Long-Term Investing: Why the Right Behaviour Matters More Than the Best Product

🗓️ 26th June 2025 🕛 4 min read
  • Successful investing isn’t about chasing the best product; it's about controlling your investing behaviour.
  • Investors who stay disciplined during market ups and downs often outperform those who react emotionally.
  • The real alpha in wealth creation comes from behavioural resilience, not prediction or product selection.

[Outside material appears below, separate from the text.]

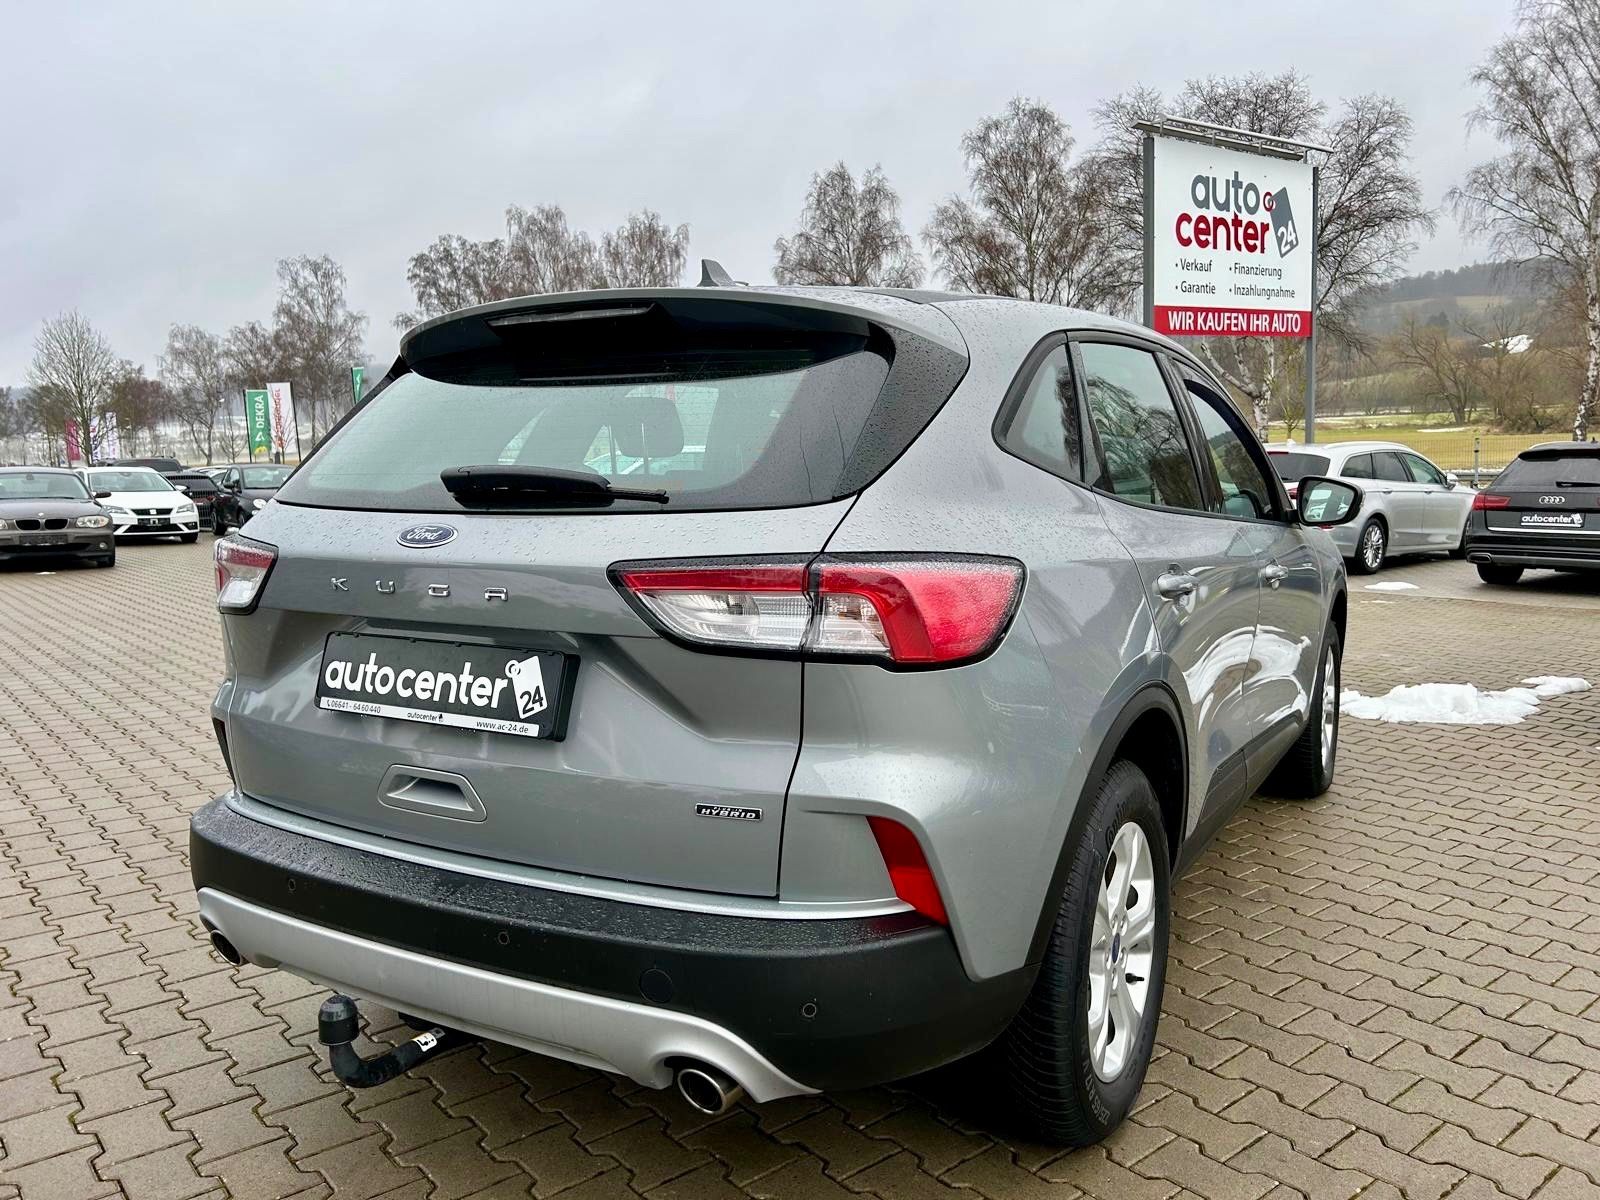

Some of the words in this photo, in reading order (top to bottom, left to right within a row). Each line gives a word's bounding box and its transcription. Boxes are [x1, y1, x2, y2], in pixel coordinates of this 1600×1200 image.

Kalpen Parekh is the Managing Director and CEO of DSP Asset Managers Pvt. Ltd. With over two decades in investment management, he has previously led teams at IDFC Mutual Fund, Birla Sun Life AMC, ICICI Prudential AMC, and L&T Finance. A passionate advocate of evidence-based investing, Kalpen believes that investor behaviour and long-term discipline are the true sources of alpha. He holds a Master’s in Finance from Narsee Monjee Institute of Management Studies and a Bachelor’s in Chemical Engineering from Bharati Vidyapeeth, Pune.


In the world of investing, product selection often occupies centre stage. Investors spend hours researching the best-performing mutual funds, top stocks, and trending asset classes. Yet, history and evidence consistently show that the greatest determinant of long-term investing success is not the product, it is behaviour.

Behaviour, Not Brilliance, Drives Outcomes

Even the finest investment product cannot compensate for poor investing behaviour. Conversely, even a simple, broadly diversified portfolio can deliver meaningful wealth if paired with patience, discipline, and a long-term mindset.

Across global and Indian markets, we see a recurring theme: investors' real returns tend to lag the returns of the very products they invest in. This 'returns gap' arises not because products fail, but because human behaviour intervenes, through panic, impatience, or greed.

As per many studies, while equity mutual funds have delivered around 12% returns over longer periods like 10–15 years, the average investor often earns far less, primarily because of trying time enter and exit based on emotions.

Why Behavioural Discipline Matters More Than Ever

Markets today are noisier than they have ever been. Social media, 24/7 financial news and digital investing platforms make reacting almost too easy. With a few clicks, investors can move entire portfolios, often based on transient market events rather than long-term fundamentals.

During periods of market exuberance, we observe a surge in inflows into equity mutual funds. Conversely, during corrections or bear phases, fear takes over and redemptions spike. This buy-high, sell-low pattern is the single largest destroyer of long-term returns.

Behavioural traps like loss aversion, recency bias and herd mentality have always existed. What has changed is the speed and scale at which investors now react. In this environment, having a strong behavioural anchor, clarity of goals, asset allocation discipline, and rational expectations, becomes not just important, but essential.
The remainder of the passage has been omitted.